Images for object localization
┄┄┄┄┄┄┄┄┄┄

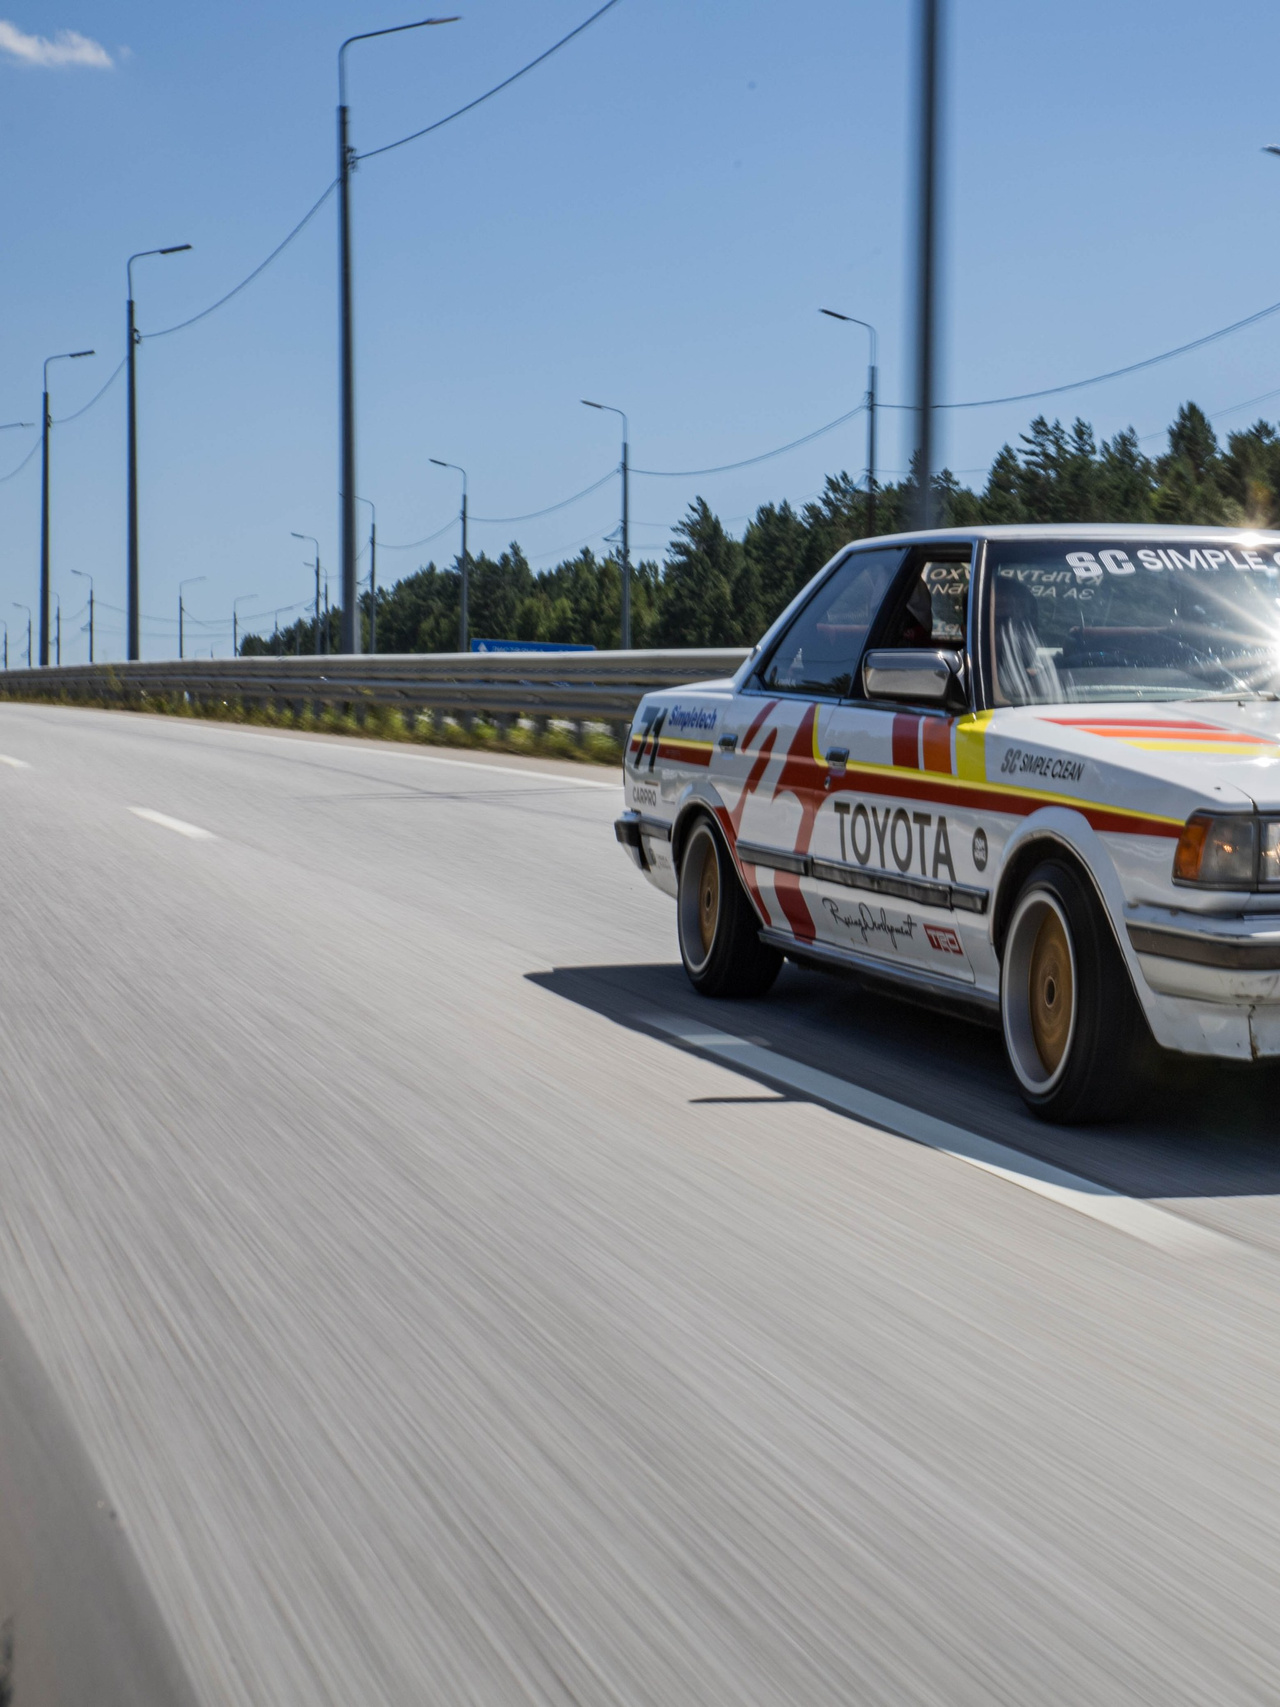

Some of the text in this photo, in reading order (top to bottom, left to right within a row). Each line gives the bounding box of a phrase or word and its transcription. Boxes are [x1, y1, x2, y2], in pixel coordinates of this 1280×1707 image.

[1065, 549, 1136, 577] SC
[1137, 549, 1267, 572] SIMPLE
[668, 705, 718, 731] Simpletech
[633, 705, 668, 773] 71
[1000, 748, 1085, 781] SC SIMPLE CLEAN
[632, 786, 657, 807] CARPRO
[834, 801, 957, 883] TOYOTA
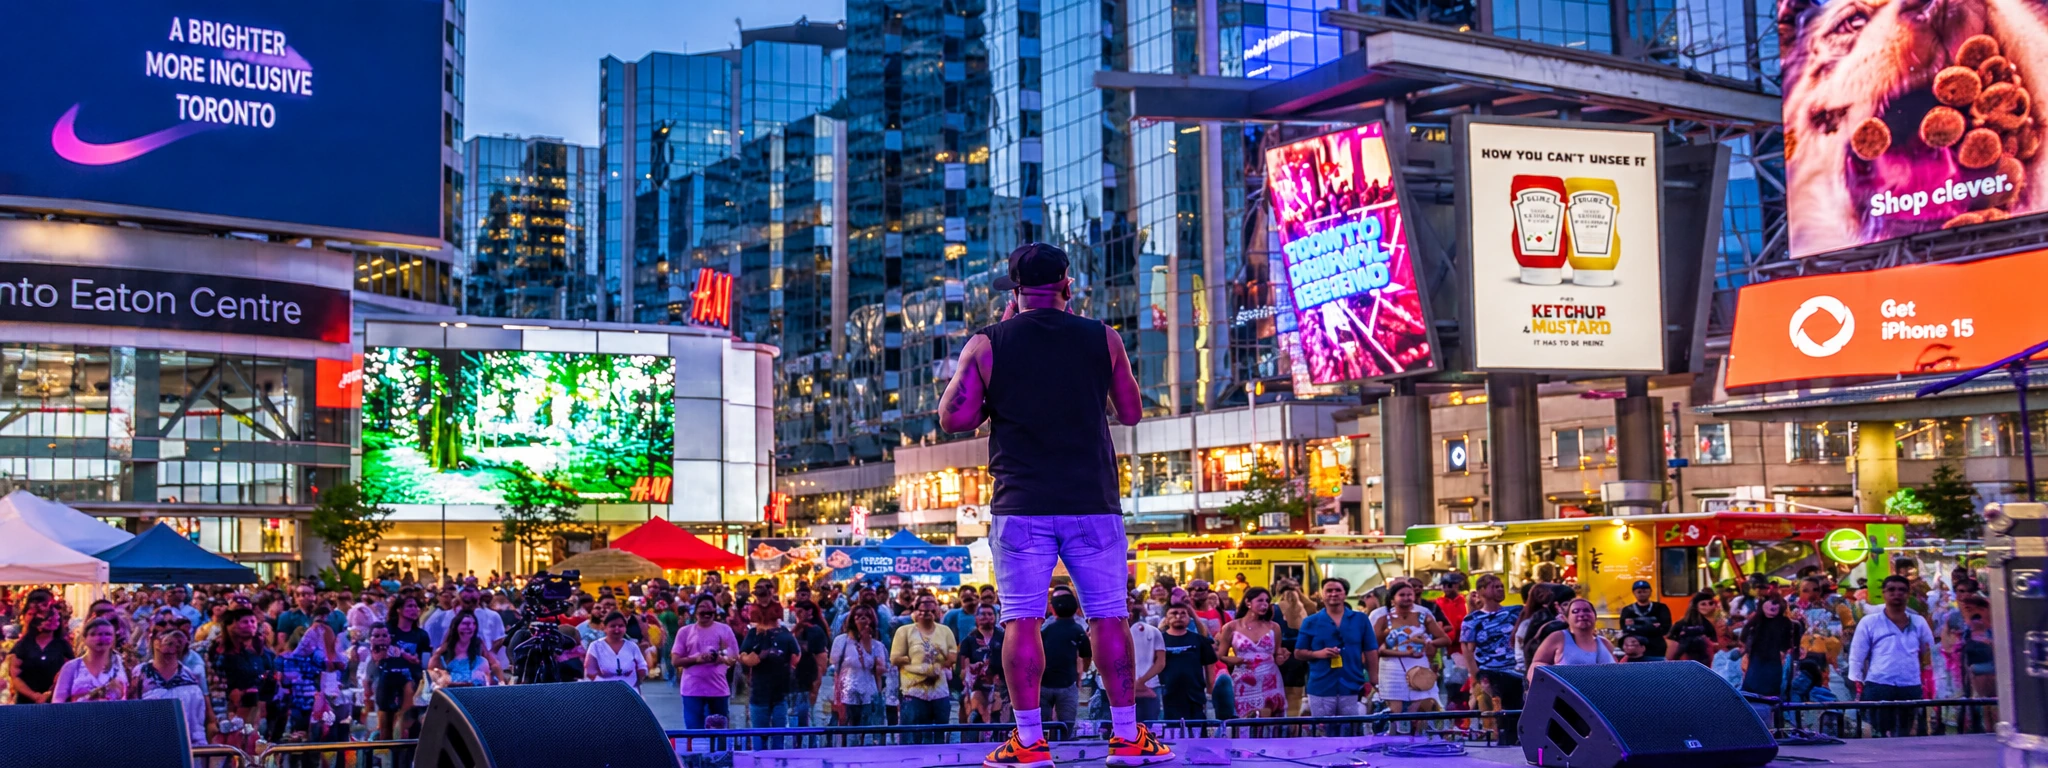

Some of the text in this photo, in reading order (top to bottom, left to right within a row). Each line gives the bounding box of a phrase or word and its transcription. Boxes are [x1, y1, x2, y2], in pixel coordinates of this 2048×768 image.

[169, 16, 286, 57] A BRIGHTER
[146, 50, 313, 96] MORE INCLUSIVE
[176, 93, 276, 129] TORONTO
[1516, 150, 1543, 161] YOU
[1547, 152, 1585, 163] CAN'T
[1590, 154, 1630, 166] UNSEE
[1870, 174, 2013, 216] Shop clever.
[0, 277, 302, 325] nto Eaton Centre
[1531, 304, 1606, 319] KETCHUP
[1880, 298, 1916, 318] Get
[1532, 319, 1612, 335] MUSTARD
[1881, 318, 1974, 340] iPhone 15

┄┄┄┄┄┄┄┄┄┄

### ASSIGNMENT
Your task is to write out, exactly, the line that contains "this 2048×768 image." and each line after it to the end of the data, with no other lines.

### PROBLEM SOLUTION
Some of the text in this photo, in reading order (top to bottom, left to right within a row). Each line gives the bounding box of a phrase or word and its transcription. Boxes are [x1, y1, x2, y2], in pixel coordinates of this 2048×768 image.

[169, 16, 286, 57] A BRIGHTER
[146, 50, 313, 96] MORE INCLUSIVE
[176, 93, 276, 129] TORONTO
[1516, 150, 1543, 161] YOU
[1547, 152, 1585, 163] CAN'T
[1590, 154, 1630, 166] UNSEE
[1870, 174, 2013, 216] Shop clever.
[0, 277, 302, 325] nto Eaton Centre
[1531, 304, 1606, 319] KETCHUP
[1880, 298, 1916, 318] Get
[1532, 319, 1612, 335] MUSTARD
[1881, 318, 1974, 340] iPhone 15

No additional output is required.